Just banning cryptocurrency won't eliminate its risks, a joint policy roadmap published by global standard setters Thursday said.
The policy paper, commissioned by the intergovernmental forum G20 under India’s leadership, combines norms set by the Financial Stability Board (FSB), the International Monetary Fund (IMF) and other international standard-setters for the crypto sector in one report, which found “comprehensive regulatory and supervisory oversight of crypto-assets should be a baseline to address macroeconomic and financial stability risks.”
The IMF-FSB synthesis paper is set to be presented to the G20 this weekend and is part of a series of efforts by international bodies to introduce global norms for the industry, particularly following the numerous crypto enterprise collapses of 2022.
To tackle macroeconomic risks from crypto, the report says jurisdictions should “strengthen monetary policy frameworks, guard against excessive capital flow volatility and adopt unambiguous tax treatment of crypto.”
Thursday’s report reiterated the IMF’s stance that crypto blanket bans may not help in mitigating associated risks and added that targeted restrictions might come in handy for emerging economies in particular.
Countries like India have raised concerns about the enhanced threat from widespread crypto use to monetary policy in emerging economies, and have called for policy bodies to recommend stronger prohibitions or address those specific concerns.
Imposing blanket bans that make all crypto activities – including trading and mining – illegal in one jurisdiction is not only expensive and technically challenging, but “could also lead to activity migrating to other jurisdictions, creating spillover risks,” according to the report.
“Restrictions should not substitute for robust macroeconomic policies, credible institutional frameworks, and comprehensive regulation and oversight, which are the first line of defense against the macroeconomic and financial risks posed by crypto-assets,” it said.
But that doesn’t mean all prohibitions should be off the table. The IMF and FSB say jurisdictions might consider targeted and temporary restrictions to manage some risk factors in stressful times or while countries find better internal fixes. The paper appeared to reference some examples of such restrictions at play, such as the targeted restrictions on anonymity-enhancing “privacy” coins in places like Dubai, to a ban on Nigerian banks serving crypto firms.
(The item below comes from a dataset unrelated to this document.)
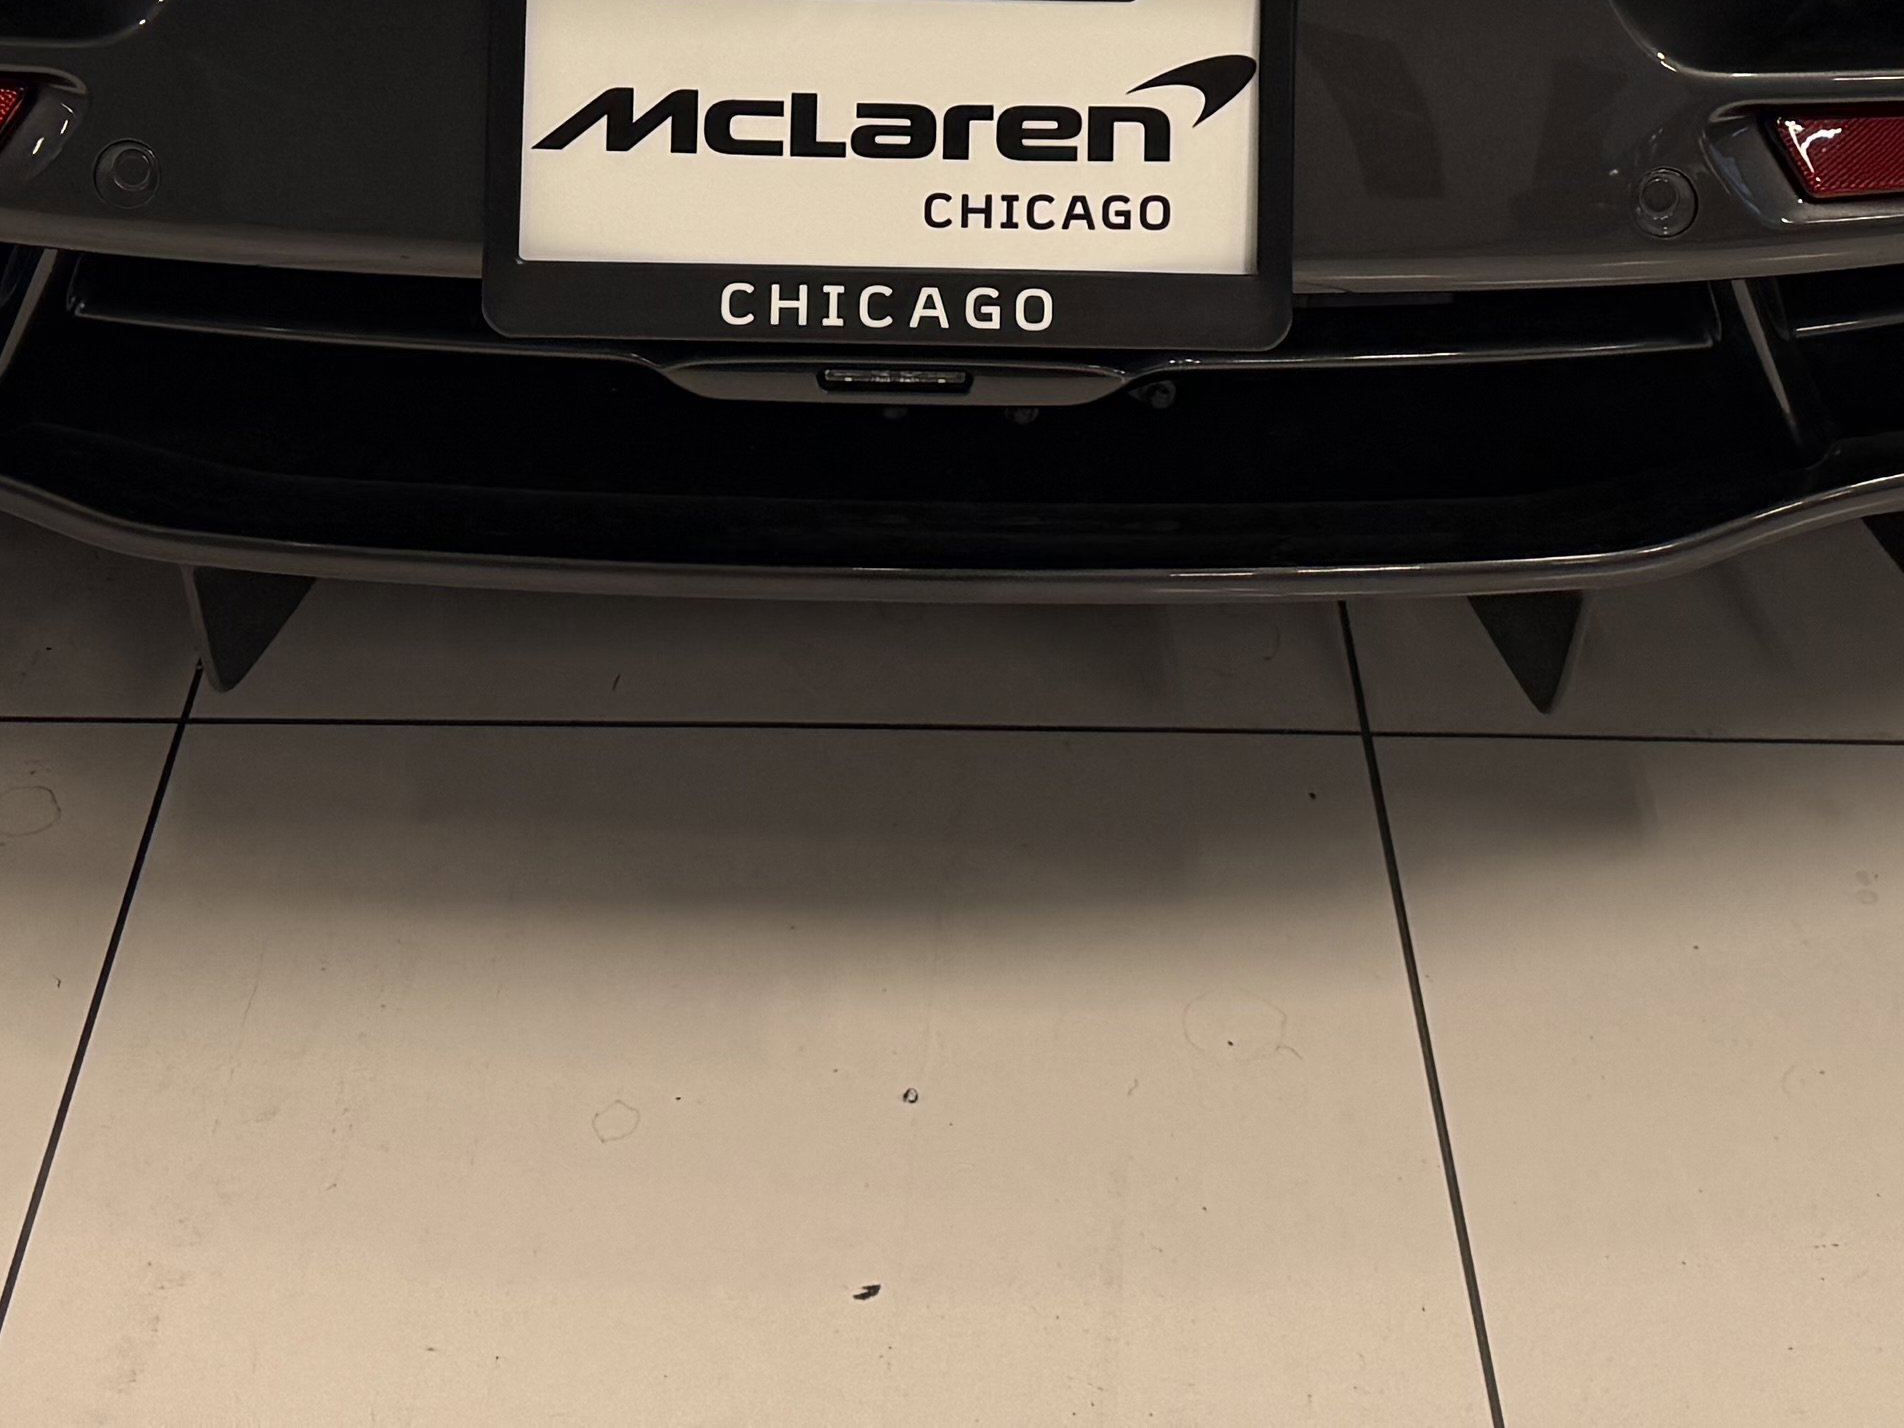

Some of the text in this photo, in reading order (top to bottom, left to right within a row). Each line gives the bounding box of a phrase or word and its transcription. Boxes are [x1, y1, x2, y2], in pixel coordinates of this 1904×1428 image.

[531, 87, 1171, 162] McLaren
[923, 192, 1172, 232] CHICAGO
[720, 281, 1054, 332] CHICAGO
“Some jurisdictions, in particular emerging markets and developing economies (EMDEs), may want to take additional targeted measures that go beyond the global regulatory baseline to address specific risks,” it added.
The IMF-FSB roadmap addressed another concern of G20 countries about the proliferation of stablecoins – which are crypto stabilized against the value of other assets or currencies – threatening currency replacement or bank runs in emerging economies.
“Rapid capital flight (or reversals) could materialize if foreign currency-denominated stablecoins became easier and cheaper to hold in large quantities relative to foreign currency bank accounts,” the paper said.
While they could facilitate a wide range of transactions, the report said stablecoins may have distinct risks that come with maintaining a stable value, and dependency on private issuers – something that played out in real time as algorithmic stablecoin terraUSD de-pegged from the U.S. dollar in a matter of days wiping billions from the market in 2022.
It added that global stablecoins adopted by multiple jurisdictions “may transmit volatility more abruptly than other crypto-assets and may cause significant risk to financial stability.”
Jack Schickler contributed reporting.